_Exercise details_
In this exercise, every entry is to be copied exactly.

_Saved entries_

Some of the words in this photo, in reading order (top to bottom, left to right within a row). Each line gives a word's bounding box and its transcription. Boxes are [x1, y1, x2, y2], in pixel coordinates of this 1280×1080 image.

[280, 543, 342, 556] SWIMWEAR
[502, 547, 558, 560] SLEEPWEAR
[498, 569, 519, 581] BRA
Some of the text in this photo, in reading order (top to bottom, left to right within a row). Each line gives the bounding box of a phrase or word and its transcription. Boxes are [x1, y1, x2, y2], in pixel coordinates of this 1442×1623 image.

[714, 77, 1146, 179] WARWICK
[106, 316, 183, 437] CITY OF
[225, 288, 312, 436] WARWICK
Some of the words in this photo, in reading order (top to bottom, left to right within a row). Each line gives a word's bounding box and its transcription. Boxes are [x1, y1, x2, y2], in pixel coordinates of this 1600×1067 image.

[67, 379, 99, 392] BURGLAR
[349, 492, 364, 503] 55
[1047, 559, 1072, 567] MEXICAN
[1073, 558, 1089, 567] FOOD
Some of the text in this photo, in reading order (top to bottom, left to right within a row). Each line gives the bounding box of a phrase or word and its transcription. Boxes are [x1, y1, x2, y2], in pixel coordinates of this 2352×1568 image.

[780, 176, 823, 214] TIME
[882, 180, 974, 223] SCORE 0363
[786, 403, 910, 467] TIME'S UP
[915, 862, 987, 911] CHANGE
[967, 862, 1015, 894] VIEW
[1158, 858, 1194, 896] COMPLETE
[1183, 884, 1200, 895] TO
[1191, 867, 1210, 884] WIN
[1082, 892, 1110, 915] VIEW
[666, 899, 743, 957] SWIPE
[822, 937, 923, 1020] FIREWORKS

_Solution_
Some of the words in this photo, in reading order (top to bottom, left to right within a row). Each line gives a word's bounding box and its transcription. Boxes are [x1, y1, x2, y2], in pixel coordinates of this 1280×1080 image.

[280, 543, 342, 556] SWIMWEAR
[502, 547, 558, 560] SLEEPWEAR
[498, 569, 519, 581] BRA
Some of the text in this photo, in reading order (top to bottom, left to right within a row). Each line gives the bounding box of a phrase or word and its transcription. Boxes are [x1, y1, x2, y2], in pixel coordinates of this 1442×1623 image.

[714, 77, 1146, 179] WARWICK
[106, 316, 183, 437] CITY OF
[225, 288, 312, 436] WARWICK
Some of the words in this photo, in reading order (top to bottom, left to right within a row). Each line gives a word's bounding box and its transcription. Boxes are [x1, y1, x2, y2], in pixel coordinates of this 1600×1067 image.

[67, 379, 99, 392] BURGLAR
[349, 492, 364, 503] 55
[1047, 559, 1072, 567] MEXICAN
[1073, 558, 1089, 567] FOOD
Some of the text in this photo, in reading order (top to bottom, left to right within a row). Each line gives the bounding box of a phrase or word and its transcription. Boxes are [x1, y1, x2, y2], in pixel coordinates of this 2352×1568 image.

[780, 176, 823, 214] TIME
[882, 180, 974, 223] SCORE 0363
[786, 403, 910, 467] TIME'S UP
[915, 862, 987, 911] CHANGE
[967, 862, 1015, 894] VIEW
[1158, 858, 1194, 896] COMPLETE
[1183, 884, 1200, 895] TO
[1191, 867, 1210, 884] WIN
[1082, 892, 1110, 915] VIEW
[666, 899, 743, 957] SWIPE
[822, 937, 923, 1020] FIREWORKS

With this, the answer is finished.